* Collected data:
◆ ◆ ◆ ◆
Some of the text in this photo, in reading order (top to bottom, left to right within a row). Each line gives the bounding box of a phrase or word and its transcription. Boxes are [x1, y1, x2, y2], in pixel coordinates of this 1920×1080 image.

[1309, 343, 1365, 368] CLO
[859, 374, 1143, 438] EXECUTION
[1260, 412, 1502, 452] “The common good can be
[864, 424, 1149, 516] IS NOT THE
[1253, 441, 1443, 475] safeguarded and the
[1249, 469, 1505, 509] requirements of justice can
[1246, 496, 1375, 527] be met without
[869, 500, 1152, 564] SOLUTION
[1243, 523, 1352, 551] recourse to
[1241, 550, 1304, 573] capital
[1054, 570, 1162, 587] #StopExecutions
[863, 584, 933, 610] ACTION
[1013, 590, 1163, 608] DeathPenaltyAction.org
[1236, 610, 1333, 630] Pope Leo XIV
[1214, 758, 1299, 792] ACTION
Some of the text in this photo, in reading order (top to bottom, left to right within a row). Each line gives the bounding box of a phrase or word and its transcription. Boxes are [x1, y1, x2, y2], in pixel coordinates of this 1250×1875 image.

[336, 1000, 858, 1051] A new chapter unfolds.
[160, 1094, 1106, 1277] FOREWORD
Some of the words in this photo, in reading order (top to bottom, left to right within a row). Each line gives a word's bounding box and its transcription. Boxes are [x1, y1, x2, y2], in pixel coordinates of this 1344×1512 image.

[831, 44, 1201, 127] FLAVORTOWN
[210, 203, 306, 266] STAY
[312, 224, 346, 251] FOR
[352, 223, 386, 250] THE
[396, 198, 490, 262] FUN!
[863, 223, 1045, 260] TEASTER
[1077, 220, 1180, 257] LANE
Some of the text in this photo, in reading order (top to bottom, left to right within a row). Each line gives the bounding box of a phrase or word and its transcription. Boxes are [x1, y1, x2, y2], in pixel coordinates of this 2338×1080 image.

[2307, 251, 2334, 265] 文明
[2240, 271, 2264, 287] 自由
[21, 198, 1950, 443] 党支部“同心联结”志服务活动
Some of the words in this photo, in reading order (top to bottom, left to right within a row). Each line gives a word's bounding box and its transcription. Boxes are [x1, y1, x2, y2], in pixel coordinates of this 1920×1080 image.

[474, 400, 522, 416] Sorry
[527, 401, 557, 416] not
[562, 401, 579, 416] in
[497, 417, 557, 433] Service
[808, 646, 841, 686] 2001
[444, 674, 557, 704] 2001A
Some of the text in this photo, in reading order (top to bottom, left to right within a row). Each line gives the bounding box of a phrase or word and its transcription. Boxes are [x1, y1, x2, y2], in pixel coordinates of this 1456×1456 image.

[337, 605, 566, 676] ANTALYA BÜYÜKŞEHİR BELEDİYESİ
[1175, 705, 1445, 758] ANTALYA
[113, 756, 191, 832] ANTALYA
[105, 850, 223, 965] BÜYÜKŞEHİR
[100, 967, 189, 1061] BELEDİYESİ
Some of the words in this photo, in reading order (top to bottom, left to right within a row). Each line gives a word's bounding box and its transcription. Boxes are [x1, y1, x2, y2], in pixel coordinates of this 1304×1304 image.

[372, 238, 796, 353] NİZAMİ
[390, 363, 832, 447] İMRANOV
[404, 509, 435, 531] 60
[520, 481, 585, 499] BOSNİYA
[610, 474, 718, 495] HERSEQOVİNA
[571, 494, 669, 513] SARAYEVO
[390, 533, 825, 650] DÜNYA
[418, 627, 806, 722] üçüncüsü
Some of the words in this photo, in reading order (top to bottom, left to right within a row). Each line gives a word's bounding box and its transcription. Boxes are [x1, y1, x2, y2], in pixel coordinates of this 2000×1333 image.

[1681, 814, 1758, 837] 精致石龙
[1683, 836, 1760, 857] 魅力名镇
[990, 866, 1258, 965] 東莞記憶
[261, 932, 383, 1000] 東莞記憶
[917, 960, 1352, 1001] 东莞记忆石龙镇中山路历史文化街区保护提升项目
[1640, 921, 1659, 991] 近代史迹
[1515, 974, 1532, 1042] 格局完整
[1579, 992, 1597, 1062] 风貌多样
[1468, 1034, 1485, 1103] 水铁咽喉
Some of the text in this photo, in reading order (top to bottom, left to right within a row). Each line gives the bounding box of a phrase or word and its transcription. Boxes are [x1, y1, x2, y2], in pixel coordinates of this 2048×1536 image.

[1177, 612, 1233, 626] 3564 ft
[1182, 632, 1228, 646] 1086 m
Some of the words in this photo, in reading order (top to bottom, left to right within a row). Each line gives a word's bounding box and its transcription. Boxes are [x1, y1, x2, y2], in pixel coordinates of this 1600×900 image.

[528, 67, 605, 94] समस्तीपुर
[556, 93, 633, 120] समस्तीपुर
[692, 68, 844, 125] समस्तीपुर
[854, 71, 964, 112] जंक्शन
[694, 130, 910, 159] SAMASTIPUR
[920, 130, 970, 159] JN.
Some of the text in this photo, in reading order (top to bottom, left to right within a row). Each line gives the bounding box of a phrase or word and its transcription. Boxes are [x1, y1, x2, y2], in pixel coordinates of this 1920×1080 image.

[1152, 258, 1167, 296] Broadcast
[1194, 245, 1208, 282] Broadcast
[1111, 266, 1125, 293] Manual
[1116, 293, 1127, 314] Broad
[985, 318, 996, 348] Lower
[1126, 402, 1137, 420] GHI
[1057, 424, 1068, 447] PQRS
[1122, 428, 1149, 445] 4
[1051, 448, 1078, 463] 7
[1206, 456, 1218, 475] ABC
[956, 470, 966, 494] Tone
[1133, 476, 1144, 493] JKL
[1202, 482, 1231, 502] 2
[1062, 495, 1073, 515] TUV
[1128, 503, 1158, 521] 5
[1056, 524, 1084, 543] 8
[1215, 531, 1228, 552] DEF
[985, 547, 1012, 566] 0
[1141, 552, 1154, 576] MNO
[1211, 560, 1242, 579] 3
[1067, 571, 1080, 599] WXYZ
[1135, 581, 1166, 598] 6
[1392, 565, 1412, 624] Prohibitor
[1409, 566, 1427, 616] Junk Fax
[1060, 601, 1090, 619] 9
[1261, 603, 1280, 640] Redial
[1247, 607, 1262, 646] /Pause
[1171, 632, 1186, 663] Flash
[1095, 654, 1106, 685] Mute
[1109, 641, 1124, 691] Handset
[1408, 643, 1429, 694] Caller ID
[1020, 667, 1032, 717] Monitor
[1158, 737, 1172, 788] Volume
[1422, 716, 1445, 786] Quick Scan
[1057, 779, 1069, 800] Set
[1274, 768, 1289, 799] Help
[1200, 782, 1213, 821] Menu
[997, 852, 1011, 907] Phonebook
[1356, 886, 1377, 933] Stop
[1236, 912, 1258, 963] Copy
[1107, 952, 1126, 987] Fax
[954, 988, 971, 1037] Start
◆ ◆ ◆ ◆
* PROBLEM REQUIREMENTS: Give back each entry above precisely as it was written.

* RESULT OF THIS EXERCISE:
Some of the text in this photo, in reading order (top to bottom, left to right within a row). Each line gives the bounding box of a phrase or word and its transcription. Boxes are [x1, y1, x2, y2], in pixel coordinates of this 1920×1080 image.

[1309, 343, 1365, 368] CLO
[859, 374, 1143, 438] EXECUTION
[1260, 412, 1502, 452] “The common good can be
[864, 424, 1149, 516] IS NOT THE
[1253, 441, 1443, 475] safeguarded and the
[1249, 469, 1505, 509] requirements of justice can
[1246, 496, 1375, 527] be met without
[869, 500, 1152, 564] SOLUTION
[1243, 523, 1352, 551] recourse to
[1241, 550, 1304, 573] capital
[1054, 570, 1162, 587] #StopExecutions
[863, 584, 933, 610] ACTION
[1013, 590, 1163, 608] DeathPenaltyAction.org
[1236, 610, 1333, 630] Pope Leo XIV
[1214, 758, 1299, 792] ACTION
Some of the text in this photo, in reading order (top to bottom, left to right within a row). Each line gives the bounding box of a phrase or word and its transcription. Boxes are [x1, y1, x2, y2], in pixel coordinates of this 1250×1875 image.

[336, 1000, 858, 1051] A new chapter unfolds.
[160, 1094, 1106, 1277] FOREWORD
Some of the words in this photo, in reading order (top to bottom, left to right within a row). Each line gives a word's bounding box and its transcription. Boxes are [x1, y1, x2, y2], in pixel coordinates of this 1344×1512 image.

[831, 44, 1201, 127] FLAVORTOWN
[210, 203, 306, 266] STAY
[312, 224, 346, 251] FOR
[352, 223, 386, 250] THE
[396, 198, 490, 262] FUN!
[863, 223, 1045, 260] TEASTER
[1077, 220, 1180, 257] LANE
Some of the text in this photo, in reading order (top to bottom, left to right within a row). Each line gives the bounding box of a phrase or word and its transcription. Boxes are [x1, y1, x2, y2], in pixel coordinates of this 2338×1080 image.

[2307, 251, 2334, 265] 文明
[2240, 271, 2264, 287] 自由
[21, 198, 1950, 443] 党支部“同心联结”志服务活动
Some of the words in this photo, in reading order (top to bottom, left to right within a row). Each line gives a word's bounding box and its transcription. Boxes are [x1, y1, x2, y2], in pixel coordinates of this 1920×1080 image.

[474, 400, 522, 416] Sorry
[527, 401, 557, 416] not
[562, 401, 579, 416] in
[497, 417, 557, 433] Service
[808, 646, 841, 686] 2001
[444, 674, 557, 704] 2001A
Some of the text in this photo, in reading order (top to bottom, left to right within a row). Each line gives the bounding box of a phrase or word and its transcription. Boxes are [x1, y1, x2, y2], in pixel coordinates of this 1456×1456 image.

[337, 605, 566, 676] ANTALYA BÜYÜKŞEHİR BELEDİYESİ
[1175, 705, 1445, 758] ANTALYA
[113, 756, 191, 832] ANTALYA
[105, 850, 223, 965] BÜYÜKŞEHİR
[100, 967, 189, 1061] BELEDİYESİ
Some of the words in this photo, in reading order (top to bottom, left to right within a row). Each line gives a word's bounding box and its transcription. Boxes are [x1, y1, x2, y2], in pixel coordinates of this 1304×1304 image.

[372, 238, 796, 353] NİZAMİ
[390, 363, 832, 447] İMRANOV
[404, 509, 435, 531] 60
[520, 481, 585, 499] BOSNİYA
[610, 474, 718, 495] HERSEQOVİNA
[571, 494, 669, 513] SARAYEVO
[390, 533, 825, 650] DÜNYA
[418, 627, 806, 722] üçüncüsü
Some of the words in this photo, in reading order (top to bottom, left to right within a row). Each line gives a word's bounding box and its transcription. Boxes are [x1, y1, x2, y2], in pixel coordinates of this 2000×1333 image.

[1681, 814, 1758, 837] 精致石龙
[1683, 836, 1760, 857] 魅力名镇
[990, 866, 1258, 965] 東莞記憶
[261, 932, 383, 1000] 東莞記憶
[917, 960, 1352, 1001] 东莞记忆石龙镇中山路历史文化街区保护提升项目
[1640, 921, 1659, 991] 近代史迹
[1515, 974, 1532, 1042] 格局完整
[1579, 992, 1597, 1062] 风貌多样
[1468, 1034, 1485, 1103] 水铁咽喉
Some of the text in this photo, in reading order (top to bottom, left to right within a row). Each line gives the bounding box of a phrase or word and its transcription. Boxes are [x1, y1, x2, y2], in pixel coordinates of this 2048×1536 image.

[1177, 612, 1233, 626] 3564 ft
[1182, 632, 1228, 646] 1086 m
Some of the words in this photo, in reading order (top to bottom, left to right within a row). Each line gives a word's bounding box and its transcription. Boxes are [x1, y1, x2, y2], in pixel coordinates of this 1600×900 image.

[528, 67, 605, 94] समस्तीपुर
[556, 93, 633, 120] समस्तीपुर
[692, 68, 844, 125] समस्तीपुर
[854, 71, 964, 112] जंक्शन
[694, 130, 910, 159] SAMASTIPUR
[920, 130, 970, 159] JN.
Some of the text in this photo, in reading order (top to bottom, left to right within a row). Each line gives the bounding box of a phrase or word and its transcription. Boxes are [x1, y1, x2, y2], in pixel coordinates of this 1920×1080 image.

[1152, 258, 1167, 296] Broadcast
[1194, 245, 1208, 282] Broadcast
[1111, 266, 1125, 293] Manual
[1116, 293, 1127, 314] Broad
[985, 318, 996, 348] Lower
[1126, 402, 1137, 420] GHI
[1057, 424, 1068, 447] PQRS
[1122, 428, 1149, 445] 4
[1051, 448, 1078, 463] 7
[1206, 456, 1218, 475] ABC
[956, 470, 966, 494] Tone
[1133, 476, 1144, 493] JKL
[1202, 482, 1231, 502] 2
[1062, 495, 1073, 515] TUV
[1128, 503, 1158, 521] 5
[1056, 524, 1084, 543] 8
[1215, 531, 1228, 552] DEF
[985, 547, 1012, 566] 0
[1141, 552, 1154, 576] MNO
[1211, 560, 1242, 579] 3
[1067, 571, 1080, 599] WXYZ
[1135, 581, 1166, 598] 6
[1392, 565, 1412, 624] Prohibitor
[1409, 566, 1427, 616] Junk Fax
[1060, 601, 1090, 619] 9
[1261, 603, 1280, 640] Redial
[1247, 607, 1262, 646] /Pause
[1171, 632, 1186, 663] Flash
[1095, 654, 1106, 685] Mute
[1109, 641, 1124, 691] Handset
[1408, 643, 1429, 694] Caller ID
[1020, 667, 1032, 717] Monitor
[1158, 737, 1172, 788] Volume
[1422, 716, 1445, 786] Quick Scan
[1057, 779, 1069, 800] Set
[1274, 768, 1289, 799] Help
[1200, 782, 1213, 821] Menu
[997, 852, 1011, 907] Phonebook
[1356, 886, 1377, 933] Stop
[1236, 912, 1258, 963] Copy
[1107, 952, 1126, 987] Fax
[954, 988, 971, 1037] Start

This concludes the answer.